● **WORK ORDER**: Your answer should be the full data, transcribed exactly, with no pictures in it.

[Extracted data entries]
%%
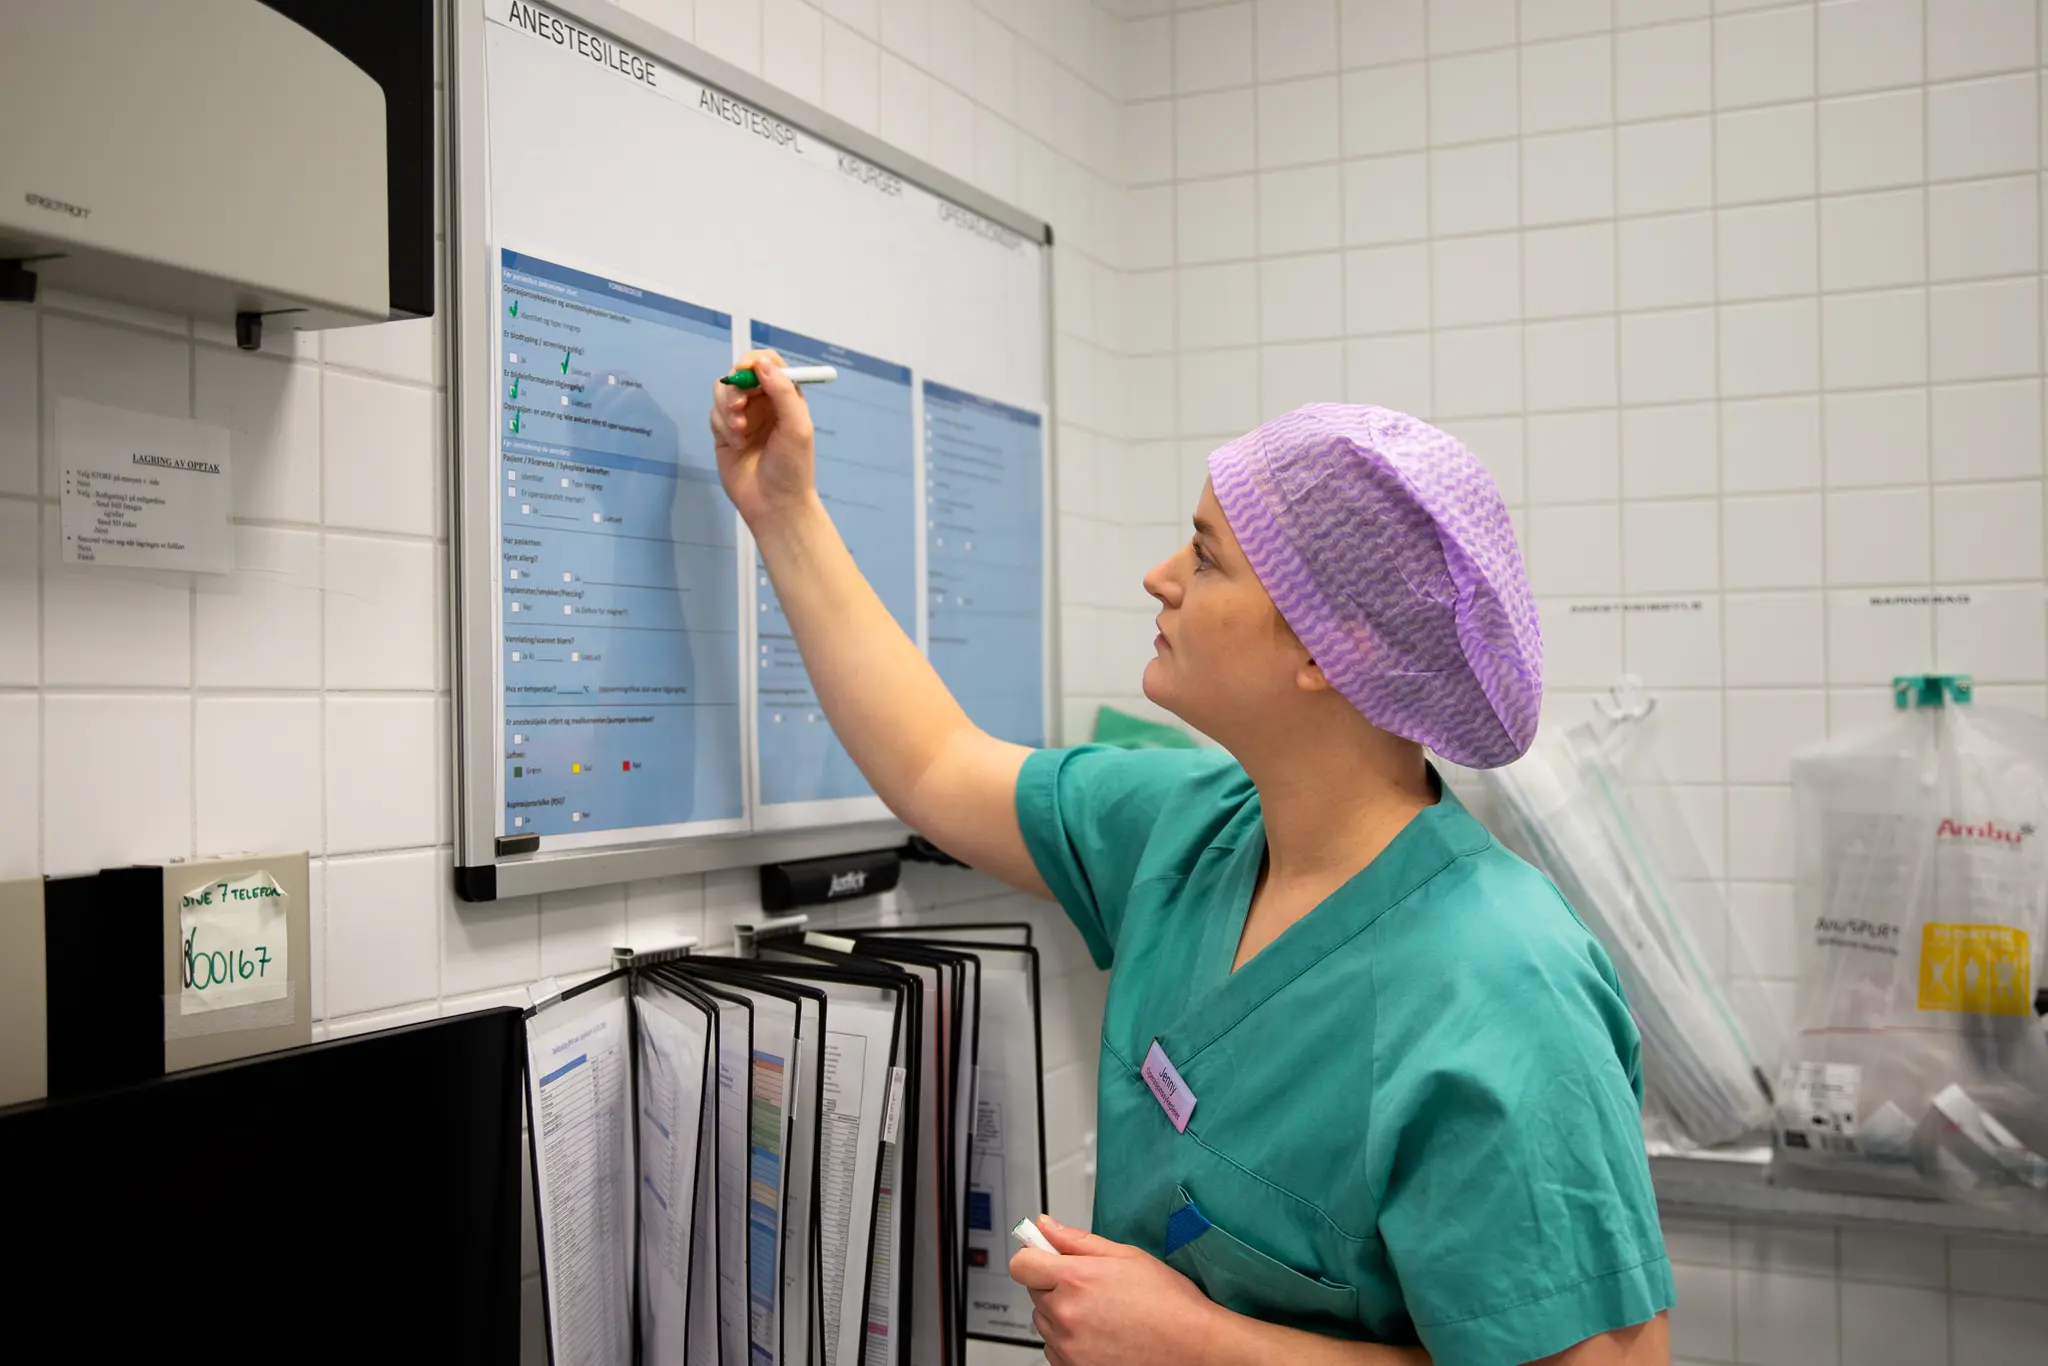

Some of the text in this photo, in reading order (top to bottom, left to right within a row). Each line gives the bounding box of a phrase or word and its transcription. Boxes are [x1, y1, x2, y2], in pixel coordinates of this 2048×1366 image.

[508, 0, 657, 87] ANESTESILEGE
[699, 88, 804, 154] ANESTESISPL
[836, 150, 903, 197] KIRURGER
[132, 453, 220, 473] LAGRING AV OPPTAK
[1936, 817, 2022, 845] Ambu
[217, 883, 228, 902] 7
[1159, 1067, 1177, 1097] Jenny
[973, 1301, 1009, 1314] SONY
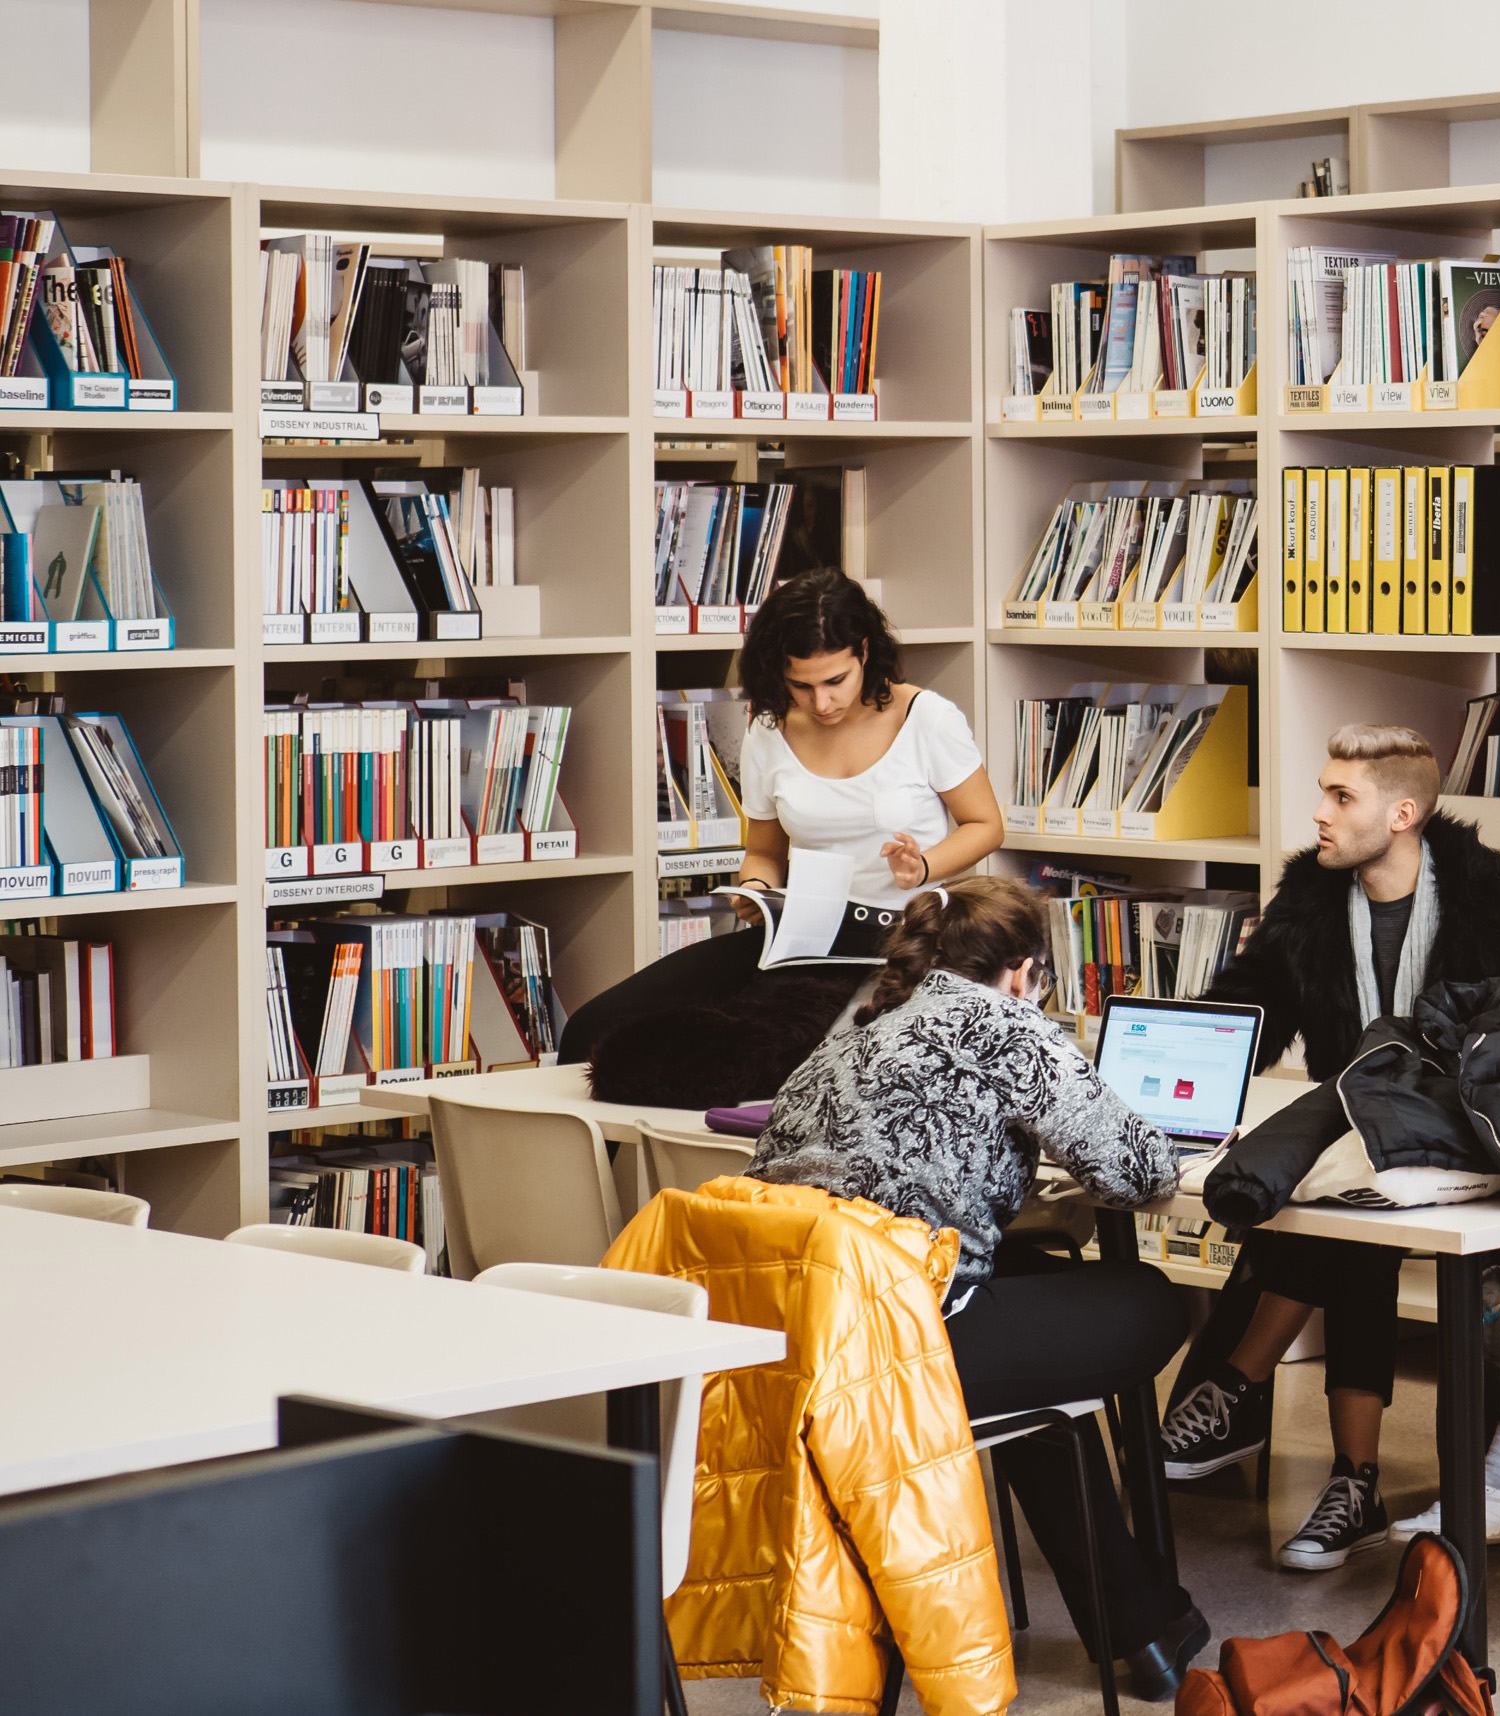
%%
● **OUTPUT OF THE TASK**:
Some of the text in this photo, in reading order (top to bottom, left to right within a row). Each line gives the bounding box of a phrase or word and its transcription. Boxes are [x1, y1, x2, y2], in pixel coordinates of this 2048×1366 image.

[508, 0, 657, 87] ANESTESILEGE
[699, 88, 804, 154] ANESTESISPL
[836, 150, 903, 197] KIRURGER
[132, 453, 220, 473] LAGRING AV OPPTAK
[1936, 817, 2022, 845] Ambu
[217, 883, 228, 902] 7
[1159, 1067, 1177, 1097] Jenny
[973, 1301, 1009, 1314] SONY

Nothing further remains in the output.